Pope continues to raise awareness on human-induced global warming
“Not one of them saw the face of a 12-year-old?” she asked the group.
Harrowing accounts of girls forced into prostitution and modern slavery opened a two-day conference at the Vatican Tuesday, July 21, at which mayors from around the world testified to their efforts to fight forced labor and global warming.
Ana Laura Perez James was chained up for five years in Mexico and forced to work twenty hours a day.
“We can’t entrust everything to laws”, she said.
“We are human beings”, she said. “I think it’s helped reinvigorate the spirit for a lot of us”. “I thought I was just an object that was used and thrown away”.
Jacinto now campaigns on behalf of trafficking victims.
Political leaders in Canada, which has lagged behind other developed nations when it comes to tackling greenhouse gas emissions and will be sending a delegation to Paris, would do well to remember this.
On Tuesday, some leaders recounted their cities’ experiences with natural catastrophes worsened by environmental degradation.
“The volume of work is enormous, and as we approach the final few months before the great event, requests and correspondence in many languages, are pouring in from every country in the world”, said Donovan, who has returned to Rome. Mayor after mayor made an individual plea Tuesday for the world to change its ways.
Shortly after his address, Brown said we’ll all learn to adapt to a new climate, according to the Sacramento Bee.
“Pope Francis’ encyclical – a remarkable document – asserts that climate change affects the world’s most vulnerable people“, Hales says. He pointed to India’s ongoing drought, which is forcing farmers to relocate to cities and “pushing them into the dark dungeons of slavery”.
People are being “pushed by the highest moral authority to take the next step, no matter how challenging it appears to be”, he said.
Alberto Melloni, a liberal scholar and Vatican historian, said the aim of the conference was “not to act as a third party with the UN”.
The Paris conference, the declaration added, “could be the last effective opportunity” to limit the rise in Earth’s temperature to 2 degrees Celsius.
“Pope Francis’ leadership will build on the resounding unity of big cities worldwide in calling for meaningful and binding emissions targets, and for a climate agreement signed in Paris that respects the needs of our cities, our planet and generations to come”.
“The environmental agenda is inseparable from the social agenda”, Sao Paulo Mayor Fernando Haddad said. Ahead of the meeting with the pontiff, Brown, who previously studied to be a catholic priest before entering politics, quoted from the Bible to make a case for moving away from the use of fossil fuels.
“Climate negotiators must dare to push boundaries and exclude fossil fuels as an option and reward solutions that are long-term sustainable and renewable”, she said.
Earlier in the day, about 35 participants spoke to the assembly on the issues, including California Gov.

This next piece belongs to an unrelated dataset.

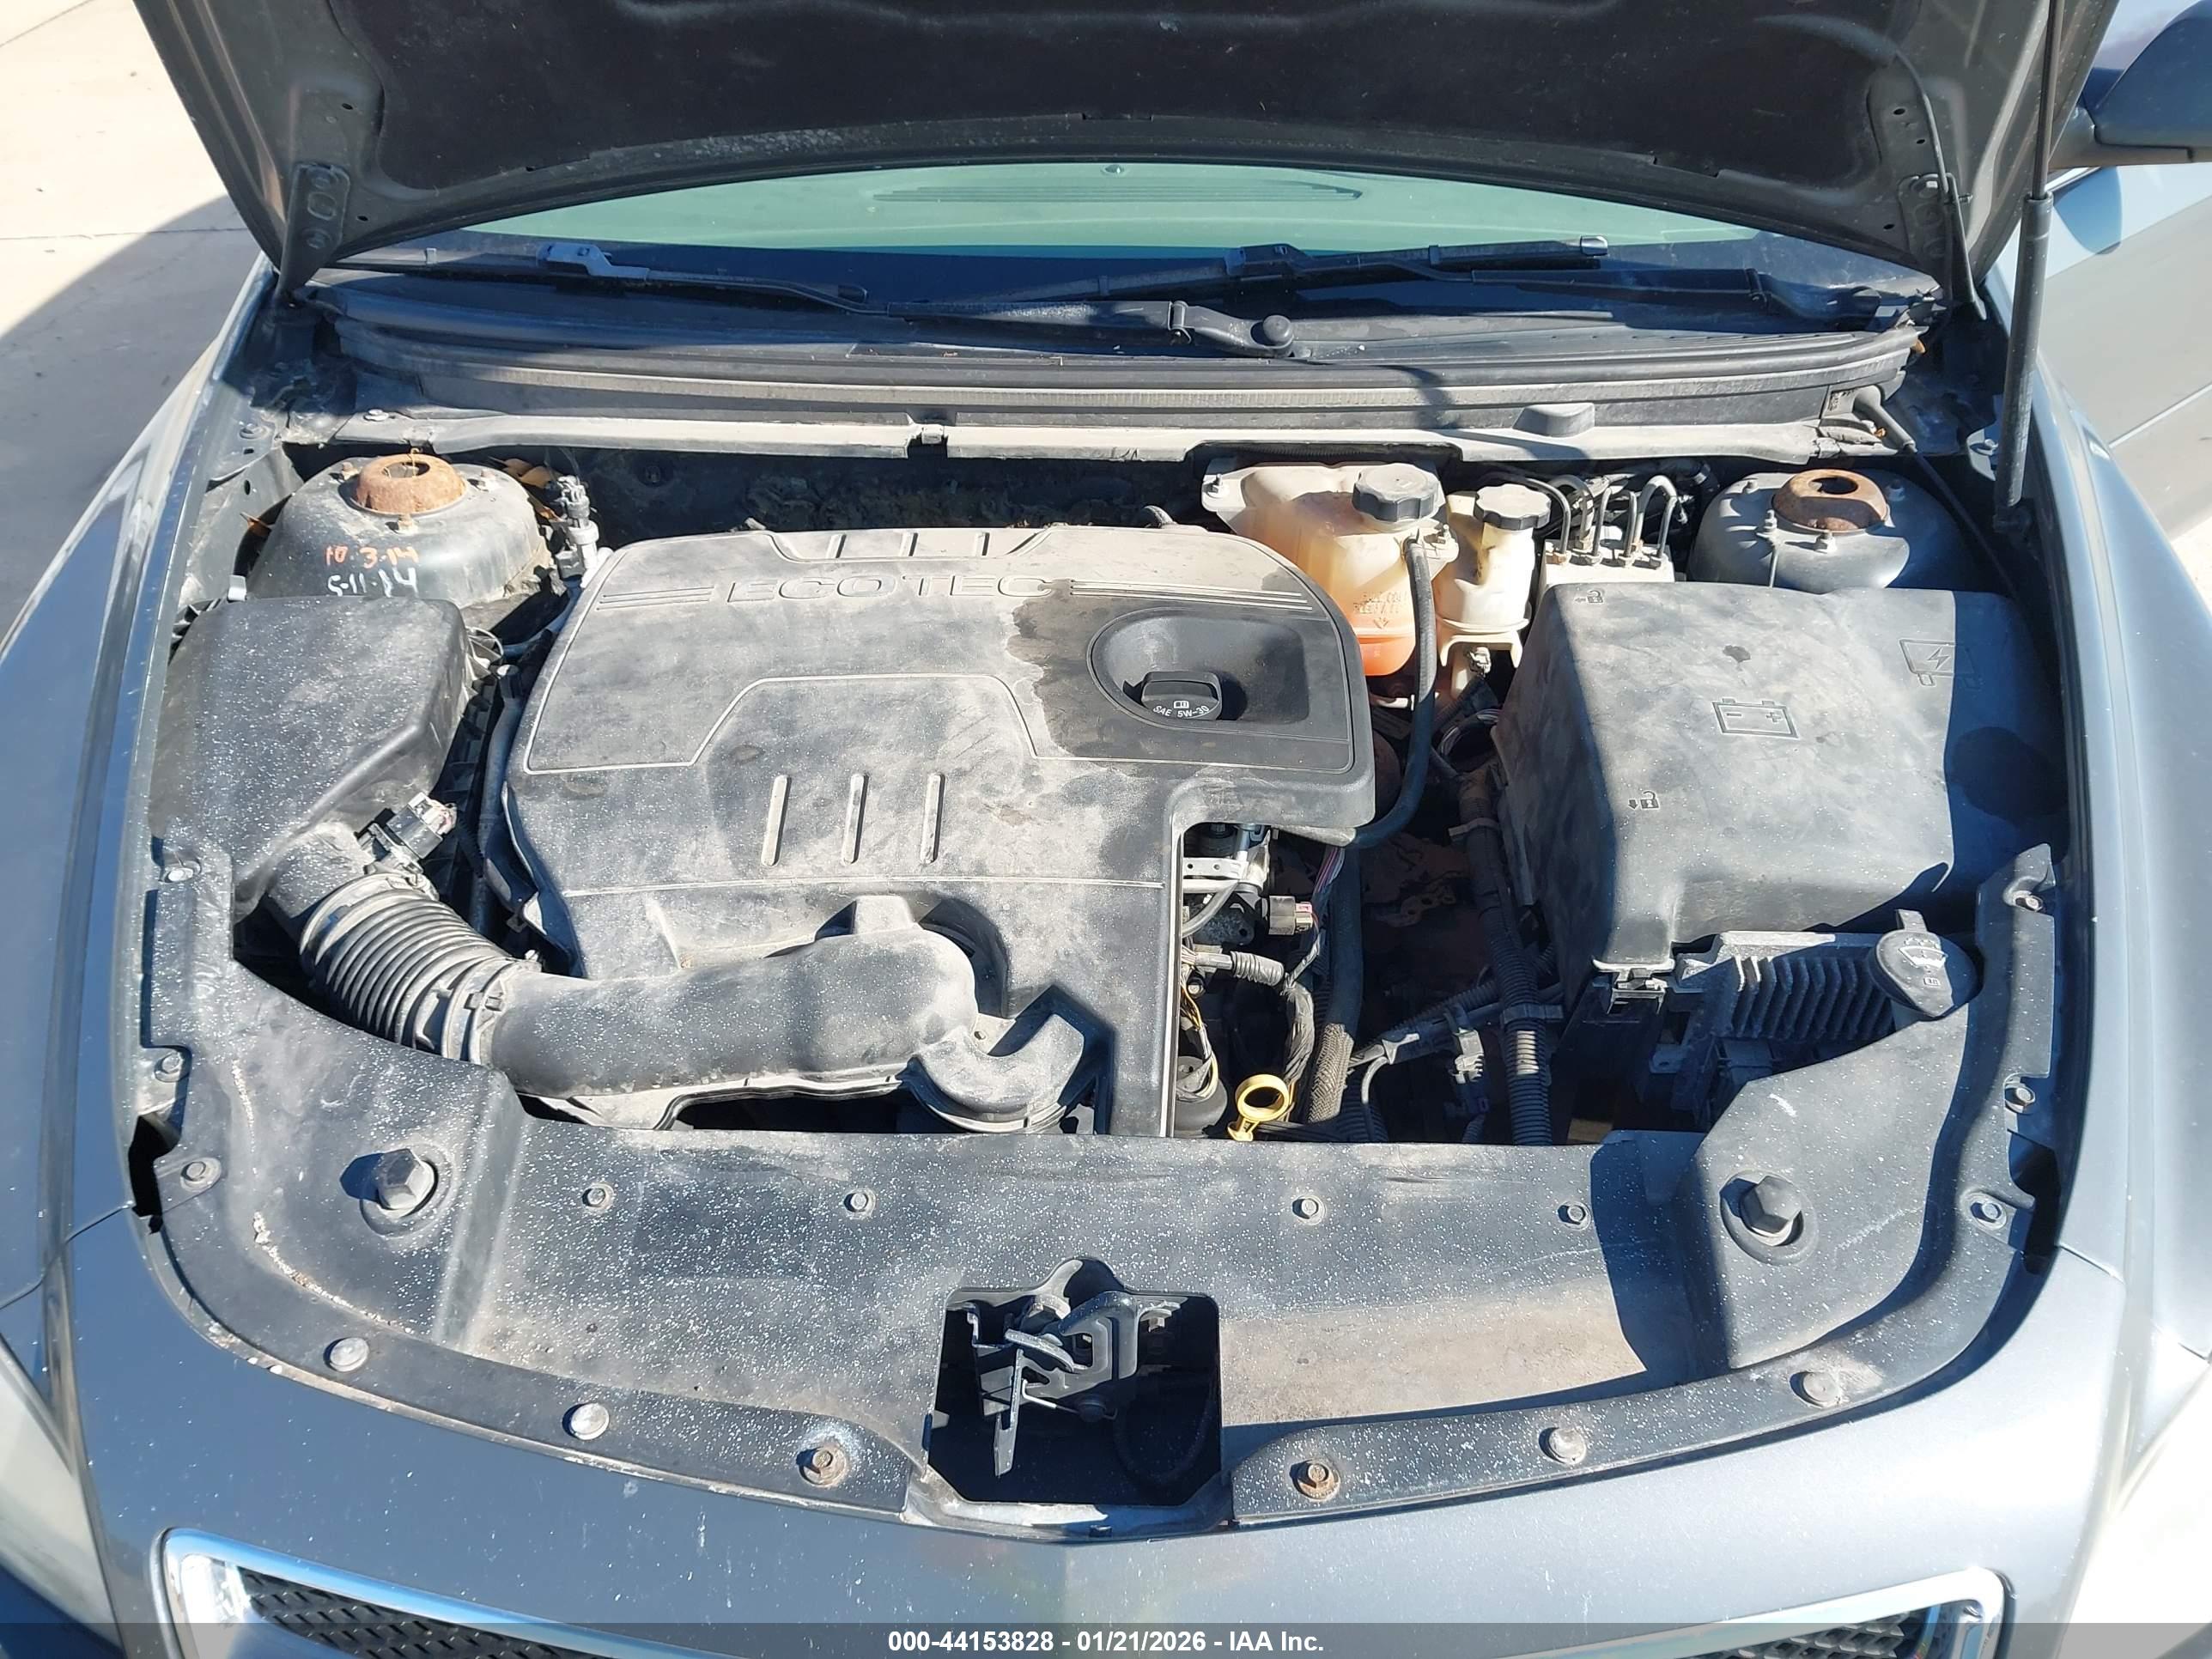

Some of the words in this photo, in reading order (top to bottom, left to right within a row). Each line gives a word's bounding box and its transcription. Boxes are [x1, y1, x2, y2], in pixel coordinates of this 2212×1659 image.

Jerry Brown and New York Mayor Bill de Blasio.
“I have great hopes for the Paris summit in December”, he said. “It’s increasingly clear that we, the local leaders of the world, have many tools, more than we may have in fact realized, and we must use them boldly even as our national governments hesitate”.
Writing from the Vatican this week, nestled near Saint Peter’s Basilica in a almost 500-year old office with frescos overhead, I’m managing the media rollout for a historic meeting of the world’s leading mayors, which the Pope attended today, to move forward the policies implicit in Laudato Si’.
Mayor Kagiso Thutlwe of Gaborone, Botswana, told CNS that he disagrees with claims that radically reducing greenhouse gas emissions will hurt development.